Il suo curriculum lo troviamo scritto da Luciano Boccaccini nel volume “Storia del ciclismo ferrarese”: “Il 30 aprile 1938 nasce il ciclista Franco Zambonati, l’unico ciclista di tutti i tempi a imporsi in un campionato italiano su strada al primo anno di categoria. Da esordiente si mise subito in bella vista vincendo la prima gara. Nel 1955 con la maglia della Velo Sport Ferrara conseguì dieci vittorie, tra cui il Campionato italiano battendo Massignan e Venturelli.
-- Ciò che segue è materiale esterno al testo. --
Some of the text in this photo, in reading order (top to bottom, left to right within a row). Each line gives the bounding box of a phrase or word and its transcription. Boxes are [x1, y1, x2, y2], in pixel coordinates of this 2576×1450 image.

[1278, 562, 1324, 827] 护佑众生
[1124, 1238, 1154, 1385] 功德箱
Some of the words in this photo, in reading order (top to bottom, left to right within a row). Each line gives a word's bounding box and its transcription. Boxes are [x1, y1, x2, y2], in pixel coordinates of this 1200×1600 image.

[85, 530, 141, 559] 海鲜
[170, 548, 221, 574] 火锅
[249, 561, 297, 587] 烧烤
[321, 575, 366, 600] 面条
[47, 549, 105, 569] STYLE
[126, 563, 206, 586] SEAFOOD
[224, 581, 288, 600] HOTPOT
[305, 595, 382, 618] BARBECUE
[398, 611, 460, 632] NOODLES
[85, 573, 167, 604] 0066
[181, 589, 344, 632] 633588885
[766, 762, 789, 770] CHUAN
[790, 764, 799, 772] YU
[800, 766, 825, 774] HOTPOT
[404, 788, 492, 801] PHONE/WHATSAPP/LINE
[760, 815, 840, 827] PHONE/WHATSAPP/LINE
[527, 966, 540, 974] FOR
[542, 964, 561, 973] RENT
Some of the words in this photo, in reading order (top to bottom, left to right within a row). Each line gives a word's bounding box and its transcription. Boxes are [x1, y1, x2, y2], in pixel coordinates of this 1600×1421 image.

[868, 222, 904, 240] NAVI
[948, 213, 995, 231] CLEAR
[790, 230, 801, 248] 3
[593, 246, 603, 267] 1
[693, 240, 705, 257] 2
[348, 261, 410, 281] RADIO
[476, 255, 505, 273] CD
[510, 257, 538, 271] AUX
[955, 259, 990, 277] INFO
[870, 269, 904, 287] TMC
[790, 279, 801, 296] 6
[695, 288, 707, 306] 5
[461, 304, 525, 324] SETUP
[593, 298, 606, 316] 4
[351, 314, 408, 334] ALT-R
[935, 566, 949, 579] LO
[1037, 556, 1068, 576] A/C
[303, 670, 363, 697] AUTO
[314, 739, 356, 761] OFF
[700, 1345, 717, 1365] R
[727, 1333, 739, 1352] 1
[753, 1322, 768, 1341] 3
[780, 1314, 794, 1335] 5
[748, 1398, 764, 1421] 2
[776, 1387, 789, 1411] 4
Nel 1956, sempre nella categoria allievi, con la maglia della Nicolò Biondo, dominò la scena nazionale vincendo ben diciotto gare tra cui la Bologna-Monzuno. L’anno seguente come dilettante si piazzò secondo a Villafranca di Verona, poi a Carpi incappò in un brutta caduta che gli precluse la carriera. Nel 1958 corse per una squadra di Santo Stefano di Ravenna come professionista, poi si ritirò dalla scena agonistica. A carriera finita ha gestito prima un bar, poi si dedicò all’arte. Zambonati è stato anche dirigente di partito e pubblico amministratore del Comune di Copparo, nonché presidente del comitato provinciale della Federciclismo e componente della giunta provinciale del Coni”.

L’apice come detto fu quel titolo italiano, ma anche dopo l’infortunio rimase nel mondo del ciclismo, da appassionato ma anche come organizzatore di eventi e sempre pronto a partecipare alle iniziative sportive copparesi, a partire dal “Gran Premio Berco”, gara per dilettanti élite e under 23 che era tornata a distanza di ben quarant’anni alla fine degli anni Novanta. E in una occasione alla presentazione e organizzazione del Gp Berco contribuì come assessore allo Sport, sottolineando «come la presenza di uno sponsor come la Berco, industria di livello mondiale, possa lanciare l’evento anche sul piano internazionale», cosa che purtroppo non si è verificata.

Numerosi in queste ore i messaggi di cordoglio, anche da chi ha fatto politica al suo fianco, come Donato Selleri: «Lo ricordo bene come assessore allo Sport del Comune alla fine degli anni Novanta. “Zambo” era persona disponibile e molto rispettosa». Così l’altro politico copparese: «Il mio ricordo dell’amico Franco Zambonati, persona giusta, buona, generosa e democratica. Spesso ci incontravamo a Copparo, gli piaceva commentate la nostra realtà politica copparese e lui da ex campione italiano diceva che era “come andare in bicicletta, bisogna sapere stare in equilibrio”. Grazie Franco per la grande amicizia che mi hai regalato». E, ancora: “Ciao Franco, mi mancherà moltissimo il mio compagno di avventure ciclistiche, cosi come mi mancheranno i tuoi racconti, di una vita piena e meravigliosa che ci facevano compagnia nelle estati in montagna. Un abbraccio forte a Carla”.

I funerali sono venerdì alle 15.30 nella chiesa di Copparo, poi l’ultimo viaggio al Giardino della cremazione copparese. In sua memoria non fiori, ma opere di bene.